Each entry below must come back exactly as written, without its pictures.
#### Provided records
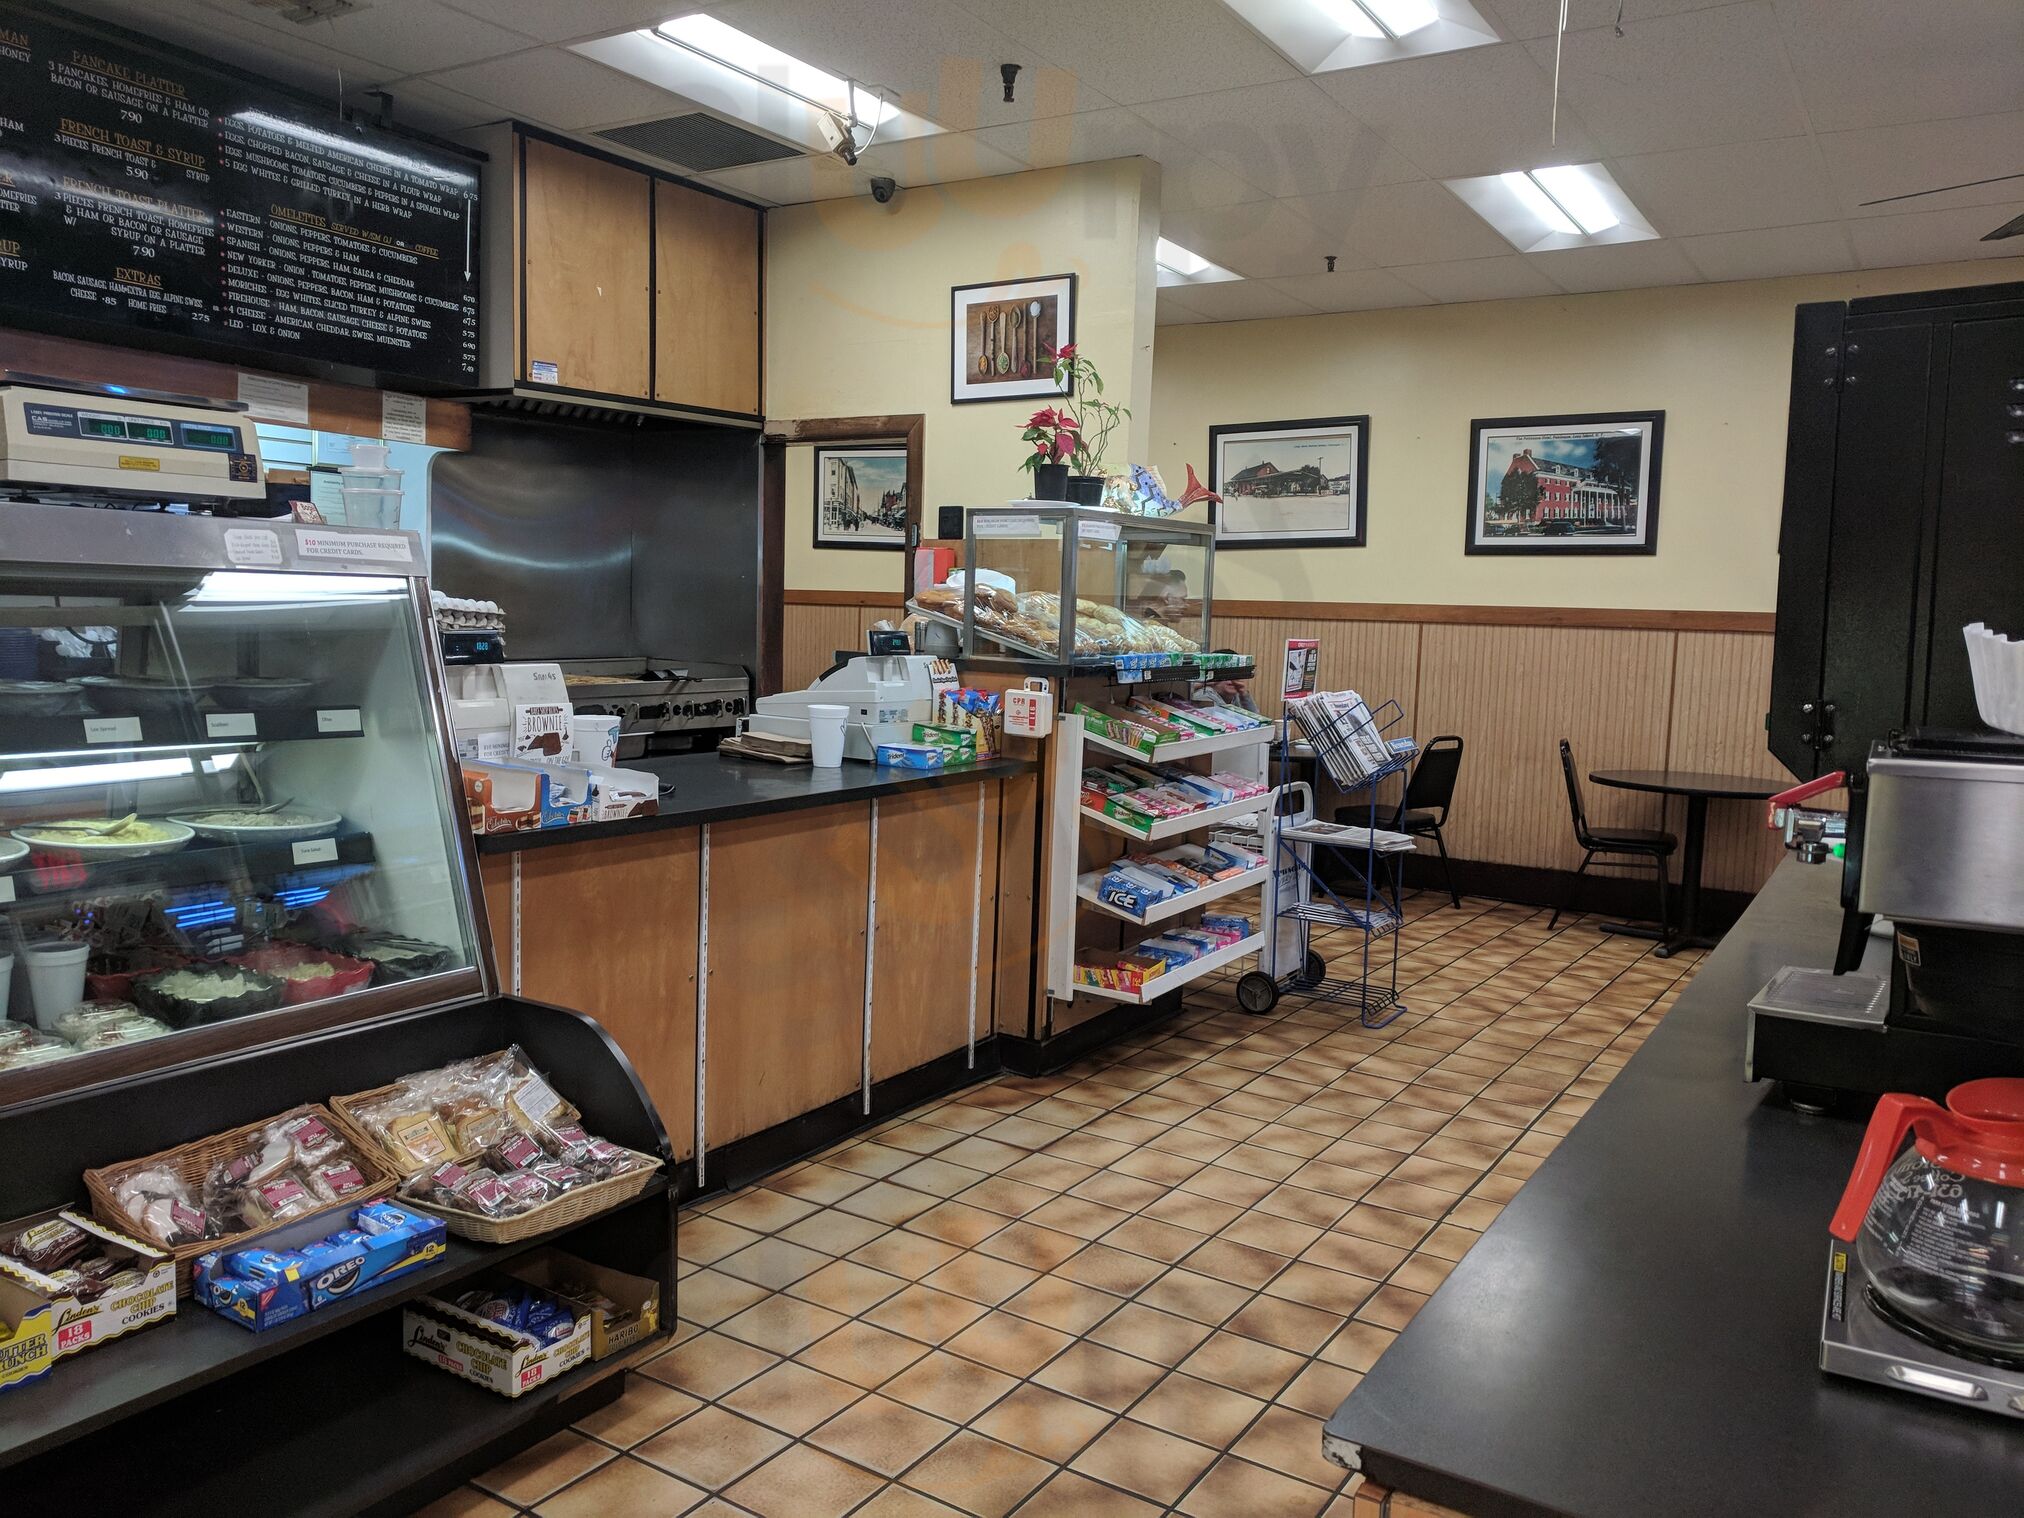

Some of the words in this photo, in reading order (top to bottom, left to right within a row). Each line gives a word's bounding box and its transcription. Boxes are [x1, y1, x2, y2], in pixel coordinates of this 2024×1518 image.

[73, 50, 131, 76] PANCAKE
[136, 71, 185, 95] PLATTER
[49, 61, 55, 70] 3
[113, 81, 162, 104] HOMEFRIES
[175, 100, 195, 114] HAM
[199, 108, 209, 118] OR
[51, 73, 82, 90] BACON
[86, 83, 98, 95] OR
[102, 88, 144, 109] SAUSAGE
[146, 102, 158, 113] ON
[163, 107, 169, 117] A
[173, 110, 208, 128] PLATTER
[61, 118, 109, 142] FRENCH
[114, 133, 151, 151] TOAST
[157, 145, 163, 155] &
[168, 148, 205, 166] SYRUP
[54, 134, 61, 143] 3
[62, 136, 89, 150] PIECES
[92, 145, 122, 159] FRENCH
[125, 154, 150, 166] TOAST
[186, 170, 210, 183] SYRUP
[248, 124, 285, 143] POTATOES
[296, 140, 324, 155] MELTED
[328, 149, 365, 167] AMERICAN
[366, 162, 392, 176] CHEESE
[411, 175, 437, 189] TOMATO
[439, 184, 458, 195] WRAP
[248, 139, 282, 156] CHOPPED
[313, 158, 345, 174] SAUSAGE
[355, 171, 381, 185] CHEESE
[382, 180, 390, 188] IN
[400, 184, 424, 197] FLOUR
[423, 191, 441, 203] WRAP
[63, 176, 110, 196] FRENCH
[116, 189, 153, 205] TOAST
[158, 200, 206, 219] PLATTER
[225, 159, 230, 167] 5
[233, 161, 248, 172] EGG
[251, 166, 281, 182] WHITES
[291, 179, 320, 193] GRILLED
[323, 187, 351, 203] TURKEY
[354, 196, 361, 204] IN
[364, 198, 369, 207] A
[372, 201, 390, 213] HERB
[392, 207, 412, 219] WRAP
[328, 178, 366, 193] CUCUMBERS
[374, 189, 399, 203] PEPPERS
[401, 198, 408, 206] IN
[415, 202, 441, 215] SPINACH
[443, 209, 460, 220] WRAP
[55, 192, 61, 200] 3
[64, 193, 94, 208] PIECES
[98, 203, 132, 217] FRENCH
[169, 219, 214, 237] HOMEFRIES
[77, 208, 99, 221] HAM
[103, 214, 115, 224] OR
[119, 218, 147, 231] BACON
[151, 225, 162, 236] OR
[165, 229, 203, 245] SAUSAGE
[270, 203, 326, 228] OMELETTES
[330, 222, 359, 235] SERVED
[415, 244, 438, 256] COFFEE
[111, 227, 140, 241] SYRUP
[144, 235, 155, 244] ON
[160, 239, 166, 247] A
[170, 240, 206, 256] PLATTER
[226, 209, 260, 224] EASTERN
[333, 236, 369, 252] TOMATOES
[379, 248, 418, 265] CUCUMBERS
[227, 223, 264, 238] WESTERN
[303, 242, 333, 256] PEPPERS
[342, 252, 360, 262] HAM
[116, 267, 161, 286] EXTRAS
[226, 236, 260, 251] SPANISH
[353, 267, 374, 279] SALSA
[384, 274, 415, 289] CHEDDAR
[227, 251, 244, 261] NEW
[248, 255, 276, 269] YORKER
[284, 264, 305, 276] ONION
[379, 286, 417, 302] MUSHROOMS
[424, 296, 460, 311] CUCUMBERS
[228, 264, 259, 279] DELUXE
[357, 294, 374, 304] HAM
[383, 299, 415, 313] POTATOES
[71, 288, 97, 300] CHEESE
[128, 299, 147, 310] HOME
[150, 303, 167, 314] FRIES
[163, 293, 183, 304] ALPINE
[228, 279, 267, 294] MORICHES
[275, 288, 290, 298] EGG
[324, 299, 347, 310] SLICED
[350, 304, 377, 317] TURKEY
[387, 312, 409, 324] ALPINE
[411, 318, 431, 329] SWISS
[229, 291, 271, 308] FIREHOUSE
[362, 320, 387, 332] CHEESE
[396, 327, 427, 339] POTATOES
[229, 305, 234, 313] 4
[237, 307, 266, 320] CHEESE
[377, 335, 411, 349] MUENSTER
[229, 319, 243, 329] LEO
[252, 324, 267, 334] LOX
[278, 329, 300, 340] ONION
[527, 715, 562, 732] BROWNIE
[1108, 891, 1138, 909] ICE
[424, 1245, 435, 1254] 12
[316, 1256, 366, 1291] OREO
[110, 1280, 174, 1312] CHOCOLATE
[130, 1297, 157, 1314] CHIP
[52, 1305, 102, 1336] Linden's
[122, 1302, 165, 1325] COOKIES
[60, 1332, 90, 1350] PACKS
[68, 1323, 83, 1336] 18
[407, 1324, 448, 1354] Linden's
[553, 1332, 590, 1356] CHOCOLATE
[608, 1325, 639, 1344] HARIBO
[0, 1334, 47, 1358] UTTER
[0, 1344, 48, 1372] RUNCH
[455, 1341, 507, 1370] CHOCOLATE
[559, 1351, 585, 1368] COOKIES
[565, 1345, 581, 1359] CHIP
[469, 1369, 493, 1384] COOKIES
[470, 1358, 492, 1375] CHIP
[515, 1352, 548, 1378] Linden's
[522, 1373, 541, 1387] PACKS
[527, 1368, 538, 1378] 18
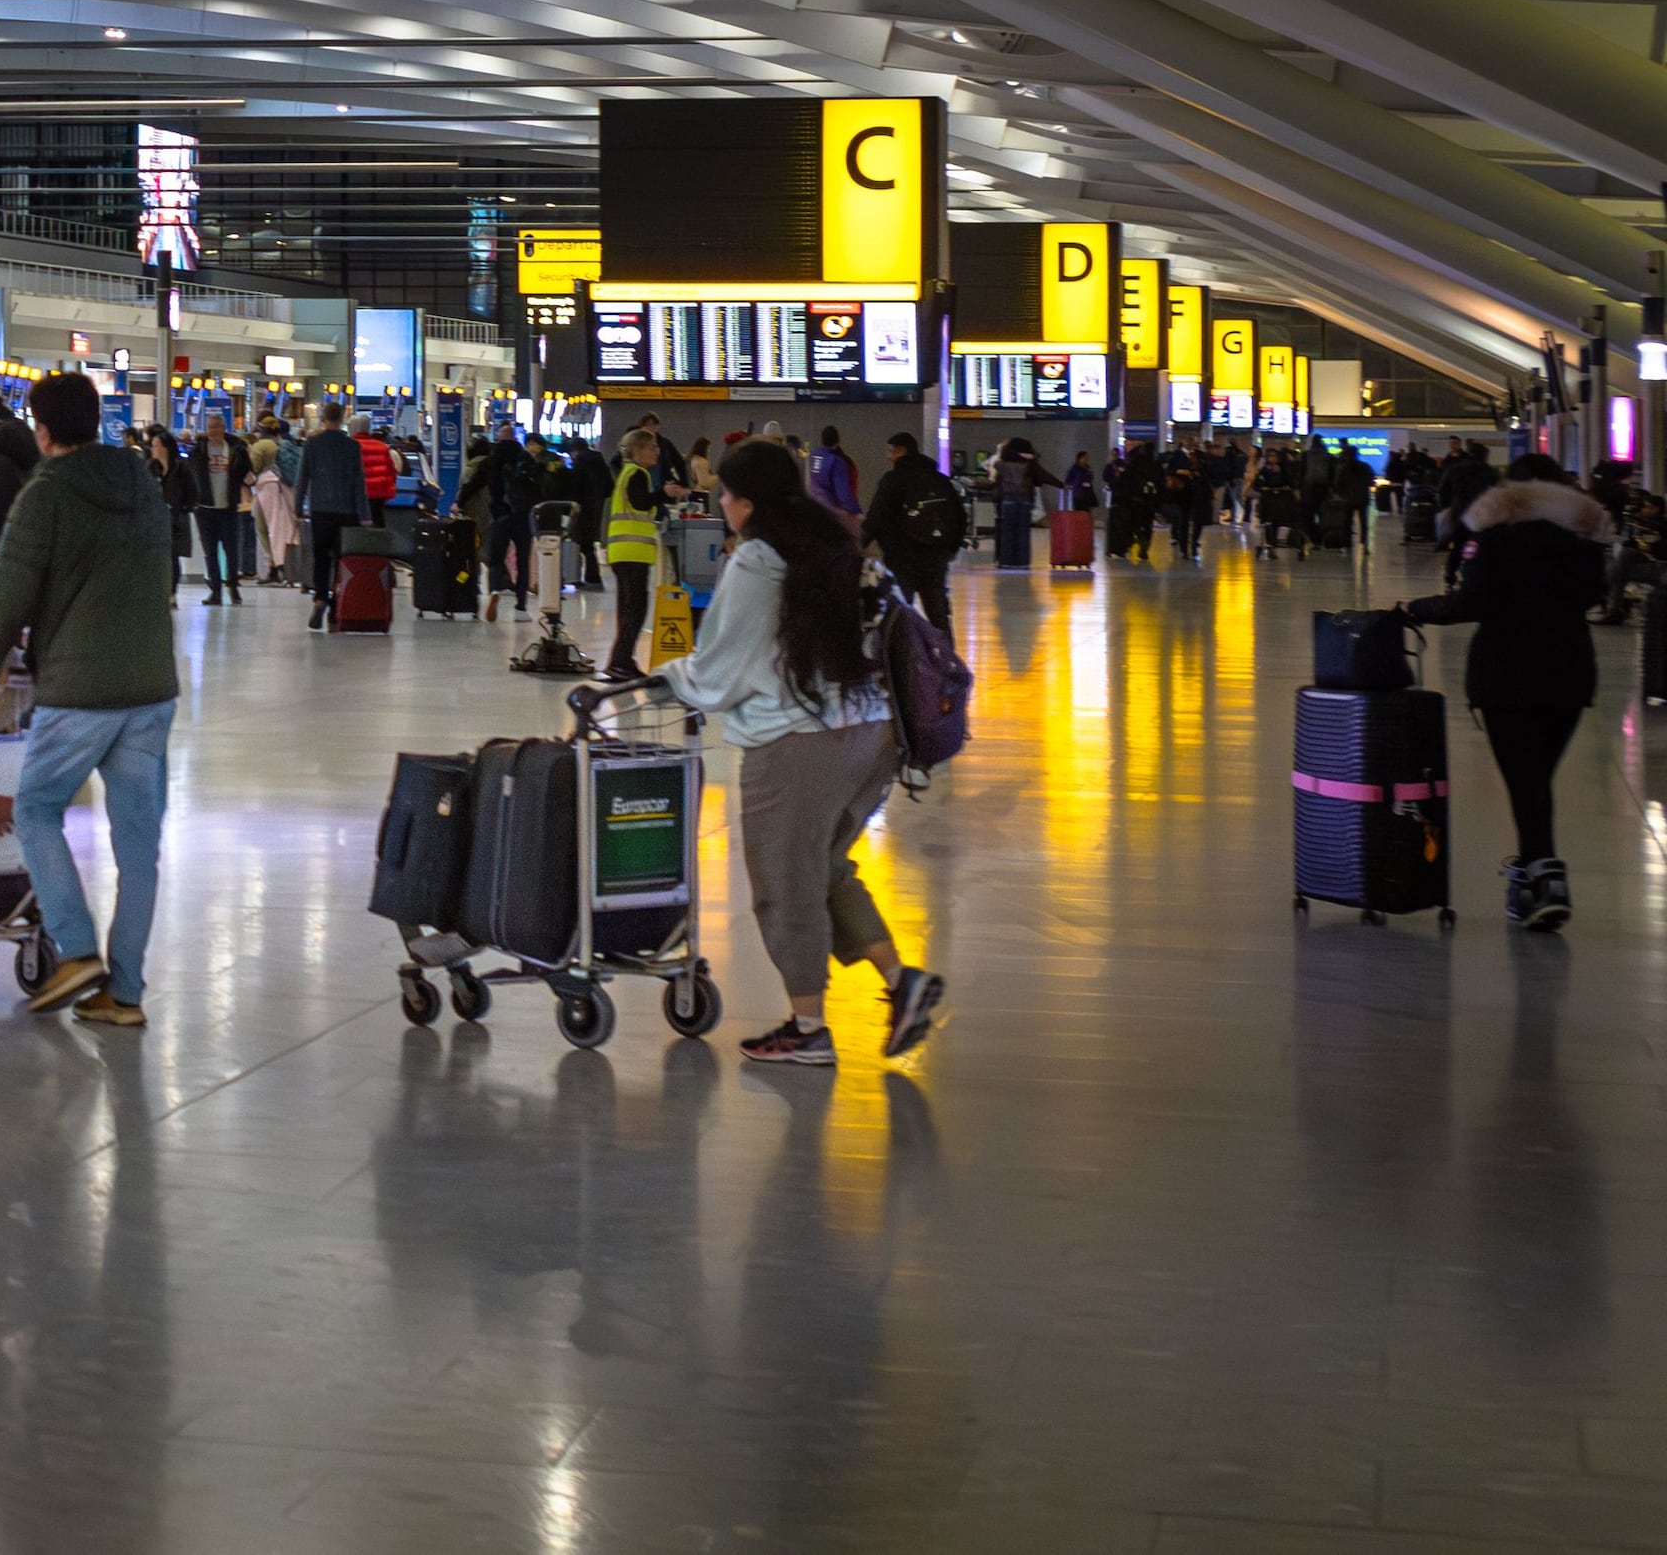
########
__Response below__
Some of the words in this photo, in reading order (top to bottom, left to right within a row). Each line gives a word's bounding box and its transcription. Boxes are [x1, y1, x2, y2], in pixel coordinates of this 2024×1518 image.

[73, 50, 131, 76] PANCAKE
[136, 71, 185, 95] PLATTER
[49, 61, 55, 70] 3
[113, 81, 162, 104] HOMEFRIES
[175, 100, 195, 114] HAM
[199, 108, 209, 118] OR
[51, 73, 82, 90] BACON
[86, 83, 98, 95] OR
[102, 88, 144, 109] SAUSAGE
[146, 102, 158, 113] ON
[163, 107, 169, 117] A
[173, 110, 208, 128] PLATTER
[61, 118, 109, 142] FRENCH
[114, 133, 151, 151] TOAST
[157, 145, 163, 155] &
[168, 148, 205, 166] SYRUP
[54, 134, 61, 143] 3
[62, 136, 89, 150] PIECES
[92, 145, 122, 159] FRENCH
[125, 154, 150, 166] TOAST
[186, 170, 210, 183] SYRUP
[248, 124, 285, 143] POTATOES
[296, 140, 324, 155] MELTED
[328, 149, 365, 167] AMERICAN
[366, 162, 392, 176] CHEESE
[411, 175, 437, 189] TOMATO
[439, 184, 458, 195] WRAP
[248, 139, 282, 156] CHOPPED
[313, 158, 345, 174] SAUSAGE
[355, 171, 381, 185] CHEESE
[382, 180, 390, 188] IN
[400, 184, 424, 197] FLOUR
[423, 191, 441, 203] WRAP
[63, 176, 110, 196] FRENCH
[116, 189, 153, 205] TOAST
[158, 200, 206, 219] PLATTER
[225, 159, 230, 167] 5
[233, 161, 248, 172] EGG
[251, 166, 281, 182] WHITES
[291, 179, 320, 193] GRILLED
[323, 187, 351, 203] TURKEY
[354, 196, 361, 204] IN
[364, 198, 369, 207] A
[372, 201, 390, 213] HERB
[392, 207, 412, 219] WRAP
[328, 178, 366, 193] CUCUMBERS
[374, 189, 399, 203] PEPPERS
[401, 198, 408, 206] IN
[415, 202, 441, 215] SPINACH
[443, 209, 460, 220] WRAP
[55, 192, 61, 200] 3
[64, 193, 94, 208] PIECES
[98, 203, 132, 217] FRENCH
[169, 219, 214, 237] HOMEFRIES
[77, 208, 99, 221] HAM
[103, 214, 115, 224] OR
[119, 218, 147, 231] BACON
[151, 225, 162, 236] OR
[165, 229, 203, 245] SAUSAGE
[270, 203, 326, 228] OMELETTES
[330, 222, 359, 235] SERVED
[415, 244, 438, 256] COFFEE
[111, 227, 140, 241] SYRUP
[144, 235, 155, 244] ON
[160, 239, 166, 247] A
[170, 240, 206, 256] PLATTER
[226, 209, 260, 224] EASTERN
[333, 236, 369, 252] TOMATOES
[379, 248, 418, 265] CUCUMBERS
[227, 223, 264, 238] WESTERN
[303, 242, 333, 256] PEPPERS
[342, 252, 360, 262] HAM
[116, 267, 161, 286] EXTRAS
[226, 236, 260, 251] SPANISH
[353, 267, 374, 279] SALSA
[384, 274, 415, 289] CHEDDAR
[227, 251, 244, 261] NEW
[248, 255, 276, 269] YORKER
[284, 264, 305, 276] ONION
[379, 286, 417, 302] MUSHROOMS
[424, 296, 460, 311] CUCUMBERS
[228, 264, 259, 279] DELUXE
[357, 294, 374, 304] HAM
[383, 299, 415, 313] POTATOES
[71, 288, 97, 300] CHEESE
[128, 299, 147, 310] HOME
[150, 303, 167, 314] FRIES
[163, 293, 183, 304] ALPINE
[228, 279, 267, 294] MORICHES
[275, 288, 290, 298] EGG
[324, 299, 347, 310] SLICED
[350, 304, 377, 317] TURKEY
[387, 312, 409, 324] ALPINE
[411, 318, 431, 329] SWISS
[229, 291, 271, 308] FIREHOUSE
[362, 320, 387, 332] CHEESE
[396, 327, 427, 339] POTATOES
[229, 305, 234, 313] 4
[237, 307, 266, 320] CHEESE
[377, 335, 411, 349] MUENSTER
[229, 319, 243, 329] LEO
[252, 324, 267, 334] LOX
[278, 329, 300, 340] ONION
[527, 715, 562, 732] BROWNIE
[1108, 891, 1138, 909] ICE
[424, 1245, 435, 1254] 12
[316, 1256, 366, 1291] OREO
[110, 1280, 174, 1312] CHOCOLATE
[130, 1297, 157, 1314] CHIP
[52, 1305, 102, 1336] Linden's
[122, 1302, 165, 1325] COOKIES
[60, 1332, 90, 1350] PACKS
[68, 1323, 83, 1336] 18
[407, 1324, 448, 1354] Linden's
[553, 1332, 590, 1356] CHOCOLATE
[608, 1325, 639, 1344] HARIBO
[0, 1334, 47, 1358] UTTER
[0, 1344, 48, 1372] RUNCH
[455, 1341, 507, 1370] CHOCOLATE
[559, 1351, 585, 1368] COOKIES
[565, 1345, 581, 1359] CHIP
[469, 1369, 493, 1384] COOKIES
[470, 1358, 492, 1375] CHIP
[515, 1352, 548, 1378] Linden's
[522, 1373, 541, 1387] PACKS
[527, 1368, 538, 1378] 18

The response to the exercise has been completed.